Research suggests that sunlight controls the levels of molecules that help maintain normal serotonin levels, according to the institute, but in people with seasonal affective disorder, this regulation does not function properly, resulting in decreased serotonin levels in the winter.
Waite said that when serotonin drops, individuals also lose vitamin D effectiveness.
“That in turn makes you more depressed,” Waite said. “These are real things, and they need to be treated, or they don’t typically do well on their own.”
Researchers and doctors say that those with season affective disorder also produce too much melatonin, which is a hormone maintaining normal sleep cycles and can cause increased tiredness if the body overproduces it, according to the National Institute of Mental Health.
“The temperatures since Christmas haven’t been terrible and so it gives them the ability to get outside, to get that fresh air, which is something that’s really important,” Manuel said. “But the sunlight is so important, so we do find that oftentimes folks will describe that as one of the significant stressors that is occurring in their life. So we have seen kind of an uptick in that.”
Additionally, doctors believe patients may be going untreated because they think they just have the winter blues. Waite said, of the patients her team and she see, they are the tip of the iceberg.

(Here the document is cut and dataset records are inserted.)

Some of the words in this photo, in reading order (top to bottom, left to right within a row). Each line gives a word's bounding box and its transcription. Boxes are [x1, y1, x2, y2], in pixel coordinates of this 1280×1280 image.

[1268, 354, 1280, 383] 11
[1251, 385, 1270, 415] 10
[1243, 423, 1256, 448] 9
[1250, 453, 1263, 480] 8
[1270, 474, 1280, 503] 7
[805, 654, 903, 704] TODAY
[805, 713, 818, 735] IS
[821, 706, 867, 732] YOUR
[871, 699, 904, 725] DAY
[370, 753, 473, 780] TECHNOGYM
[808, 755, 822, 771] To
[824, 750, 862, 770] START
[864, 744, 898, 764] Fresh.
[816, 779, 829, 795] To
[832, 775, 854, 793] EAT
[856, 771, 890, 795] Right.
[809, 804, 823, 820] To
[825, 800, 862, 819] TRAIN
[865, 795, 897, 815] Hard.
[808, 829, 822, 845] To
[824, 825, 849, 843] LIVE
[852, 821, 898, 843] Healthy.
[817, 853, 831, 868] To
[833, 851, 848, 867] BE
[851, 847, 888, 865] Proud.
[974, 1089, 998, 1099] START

“I think a lot of these patients, even though there’s more out there, they kind of go under the radar because they kind of put up with it and pass it off as the winter blues, because so many people have that low energy state, so they minimize it,” Waite said.
Healthy ways to cope
Different types of therapy can help improve symptoms of seasonal affective disorder, including bright light therapy and talk therapy. Waite also recommended individuals see a medical doctor to make sure they do not have a different condition that is making them feel sluggish, such thyroid conditions, infections, diabetes, and anemia, which is a low blood count.

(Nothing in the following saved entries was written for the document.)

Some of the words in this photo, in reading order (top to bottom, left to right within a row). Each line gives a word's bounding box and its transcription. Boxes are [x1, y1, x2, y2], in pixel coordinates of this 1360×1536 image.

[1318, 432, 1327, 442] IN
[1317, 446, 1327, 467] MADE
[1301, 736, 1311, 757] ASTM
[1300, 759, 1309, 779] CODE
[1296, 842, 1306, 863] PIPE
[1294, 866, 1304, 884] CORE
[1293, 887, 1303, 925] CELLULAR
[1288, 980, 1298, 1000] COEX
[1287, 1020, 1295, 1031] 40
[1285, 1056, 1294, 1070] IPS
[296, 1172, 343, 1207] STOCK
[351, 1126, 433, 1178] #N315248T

Light therapy and talk therapy are about equally effective, doctors say. There are therapy lights that can often be purchased through online retailers like Amazon, and individuals can sit in front of them for about 30 minutes for the treatment. Waite said individuals should check in with their doctors, though, when purchasing a therapy light as some light go up to 10,000 lux. Indoor illumination levels are usually between 100-150 lux.
Doctors also say that antidepressants and vitamin D also help treat seasonal affective disorder.
For non-medication treatments, doctors recommended exercise, as well seeking out indoor and outdoor activities to avoid isolation. Waite also recommended getting out into nature to stimulate your immune system.
“It’s very treatable,” Waite said, adding that individuals with seasonal affective disorder respond better to treatment than individuals with non-seasonal depression or major depressive disorder. “I urge people to seek help and not just let it slide.”